BRIEF
From the first line to the last, restate the material word for word, omitting pictures.

[DATA TO PROCESS — start]

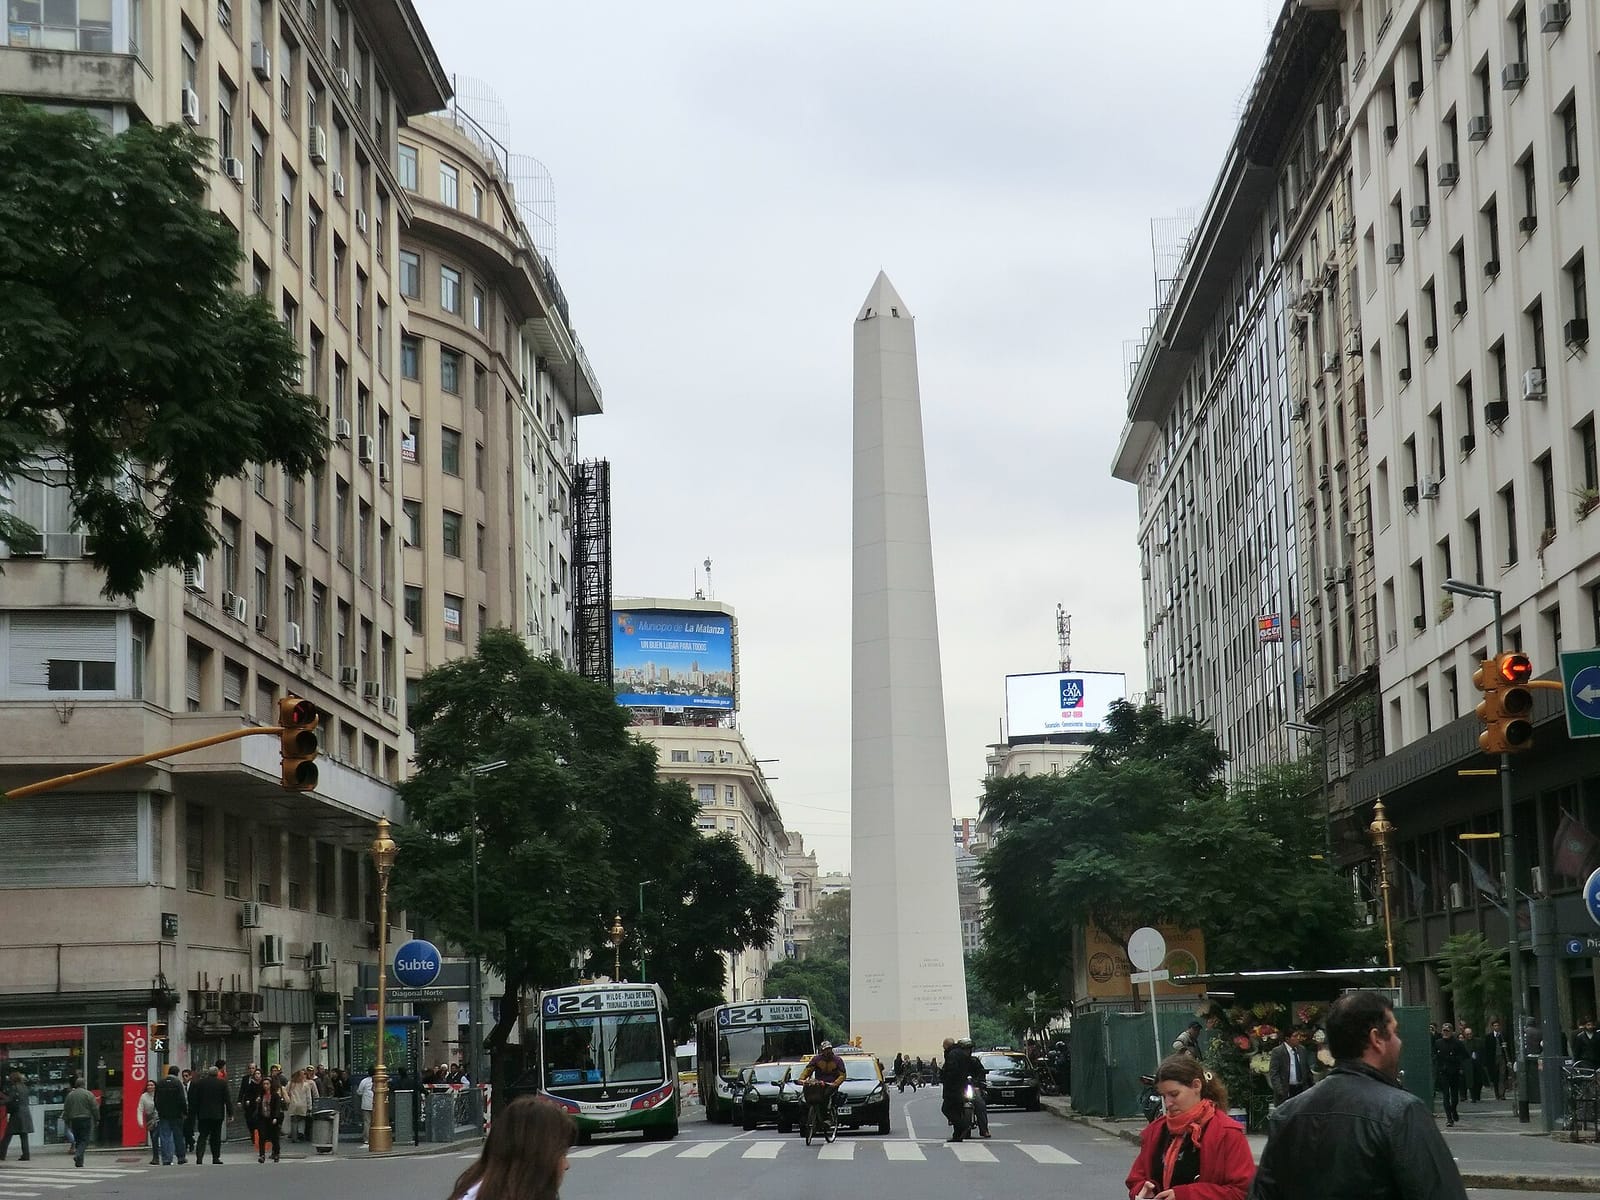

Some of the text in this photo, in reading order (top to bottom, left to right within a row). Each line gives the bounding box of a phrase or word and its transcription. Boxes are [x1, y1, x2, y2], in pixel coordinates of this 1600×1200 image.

[638, 621, 725, 635] Municipio de La Matanza
[641, 640, 707, 651] UN BUEN LUGAR PARA TODOS
[397, 958, 435, 971] Subte
[391, 989, 423, 998] Diagonal
[559, 995, 604, 1013] 24
[731, 1008, 763, 1023] 24
[132, 1037, 146, 1081] Claro

[DATA TO PROCESS — finish]

RESULT OF THIS TASK
Some of the text in this photo, in reading order (top to bottom, left to right within a row). Each line gives the bounding box of a phrase or word and its transcription. Boxes are [x1, y1, x2, y2], in pixel coordinates of this 1600×1200 image.

[638, 621, 725, 635] Municipio de La Matanza
[641, 640, 707, 651] UN BUEN LUGAR PARA TODOS
[397, 958, 435, 971] Subte
[391, 989, 423, 998] Diagonal
[559, 995, 604, 1013] 24
[731, 1008, 763, 1023] 24
[132, 1037, 146, 1081] Claro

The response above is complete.